Ray Pride Movie City News (@raypride), Newcity

“Contempt”

Even without subscribing to the bittersweet, maybe too indulgent notion that every movie is a film or documentary about its own making…

Three brutal pictures about the abrupt moment when mid-career filmmakers’ lives overtake their pitiable patterning: Jean-Luc Godard’s “Le mépris” (1963), Wim Wenders “State of Things,” (1983) Nicholas Ray’s “In A Lonely Place” (1950); acrid yet melancholy. They discover their perception of romance is an illusion, a burden. (Plus, Minnelli, Minnelli, Minnelli.)

On a more cheerful note: “F for Fake” (1977), a film about art forgeries forged into a film about film. (In real time.) Pretty much the whole Caveh Zahedi ball of wax, the best self-pest, less self-questioning than self-scratching, not limited to “I am a Sex Addict” and “I Don’t Hate Las Vegas Anymore.” Catherine Breillat’s “Sex is Comedy” (2002): every gesture a fucking mess.

And two immmortal choices for the real, rueful thing, life, fiction, metafiction, heart, hurt, cinema: Kiarostami’s Koker Trilogy. (1987-94). What does a filmmaker owe the world? Everything. Apply that, too, to “Duck Amuck” (1953).

Christopher Llewellyn Reed (@chrisreedfilm), Hammer to Nail/Film Festival Today

“Sullivan’s Travels”

There have been some terrific films about the filmmaking process.

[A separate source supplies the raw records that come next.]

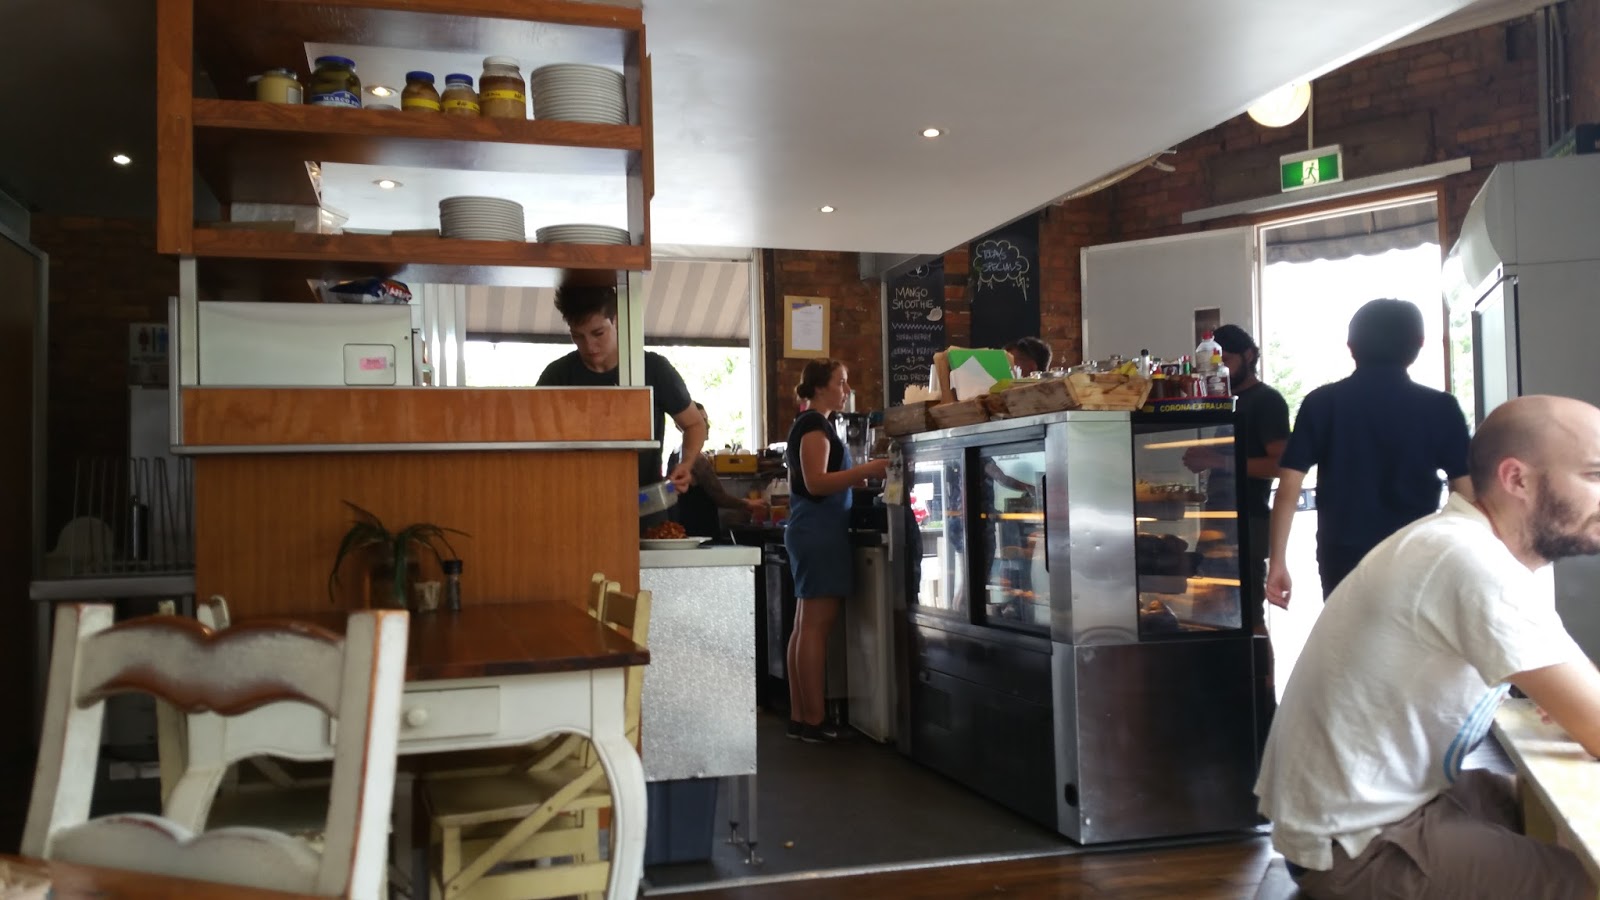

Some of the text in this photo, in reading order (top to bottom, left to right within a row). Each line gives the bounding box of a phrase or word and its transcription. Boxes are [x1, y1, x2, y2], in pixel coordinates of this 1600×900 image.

[323, 96, 350, 104] MARCO
[895, 286, 929, 301] MANGO
[891, 299, 934, 310] SMOOTHIE
[1160, 403, 1191, 413] CORONA
[1193, 402, 1215, 411] EXTRA
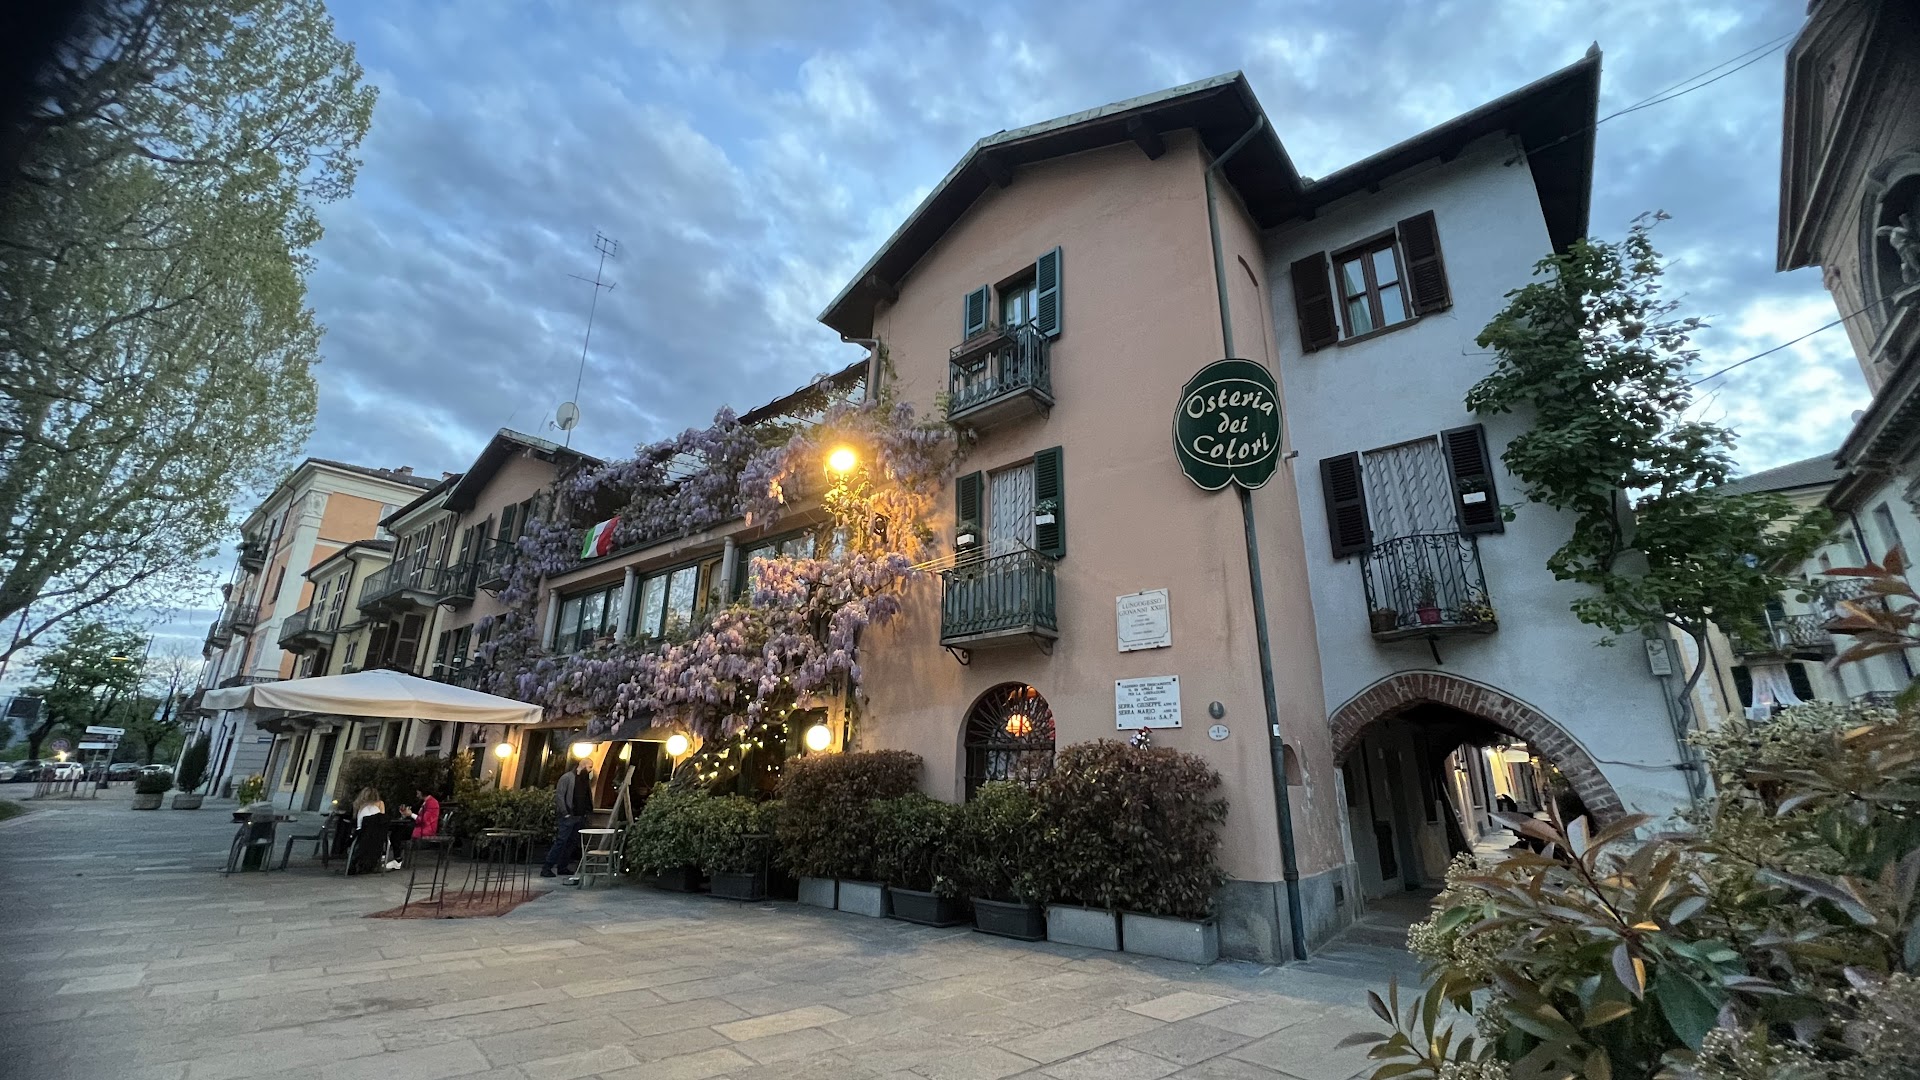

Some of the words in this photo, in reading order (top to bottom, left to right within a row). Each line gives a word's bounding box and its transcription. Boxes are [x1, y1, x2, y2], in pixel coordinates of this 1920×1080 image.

[1186, 388, 1274, 419] Osteria
[1217, 412, 1248, 434] dei
[1193, 431, 1270, 460] Colori
[1119, 607, 1148, 617] GIOVANNI
[1122, 598, 1162, 609] LUNGOGESSO

On the documentary side, my favorites include “Man with a Movie Camera” (Dziga Vertov, 1929), “American Movie” (Chris Smith, 1999), “Lost in La Mancha” (Keith Fulton/Louis Pepe, 2002), “Side by Side” (Chris Kenneally, 2012) and “Ingrid Bergman: In Her Own Words” (Stig Björkman, 2016). On the fictional side of things, I love “Sullivan’s Travels” (Preston Sturges, 1941), “Sunset Boulevard” (Billy Wilder, 1950), “The Bad and the Beautiful” (Vincente Minnelli, 1952), “Singin’ in the Rain” (Stanley Donen/Gene Kelly, 1952), “Hiroshima Mon Amour” (Alain Resnais, 1959), “Hollywood Shuffle” (Robert Townsend, 1987), “Barton Fink” (Ethan and Joel Coen, 1991), “Living in Oblivion” (Tom DiCillo, 1995), “Adaptation.” (Spike Jonze, 2002) and the criminally overlooked “Their Finest” (Lone Scherfig, 2017) (which I put among my Top 10 of last year). Perhaps the best of the best, however, is the 7-minute experimental short “Lemon” (Hollis Frampton, 1969), in which the titular fruit remains static as lights rotate around it, thereby revealing the essence of cinematic beauty (and trickery) in all its glory.

David Ehrlich (@davidehrlich), IndieWire

Close-Up
“Close-Up”The Criterion Collection

Abbas Kiarostami’s “Close-Up” is the best film about anything.

Question: What is the best film currently playing in theaters?

Answer: “The Rider”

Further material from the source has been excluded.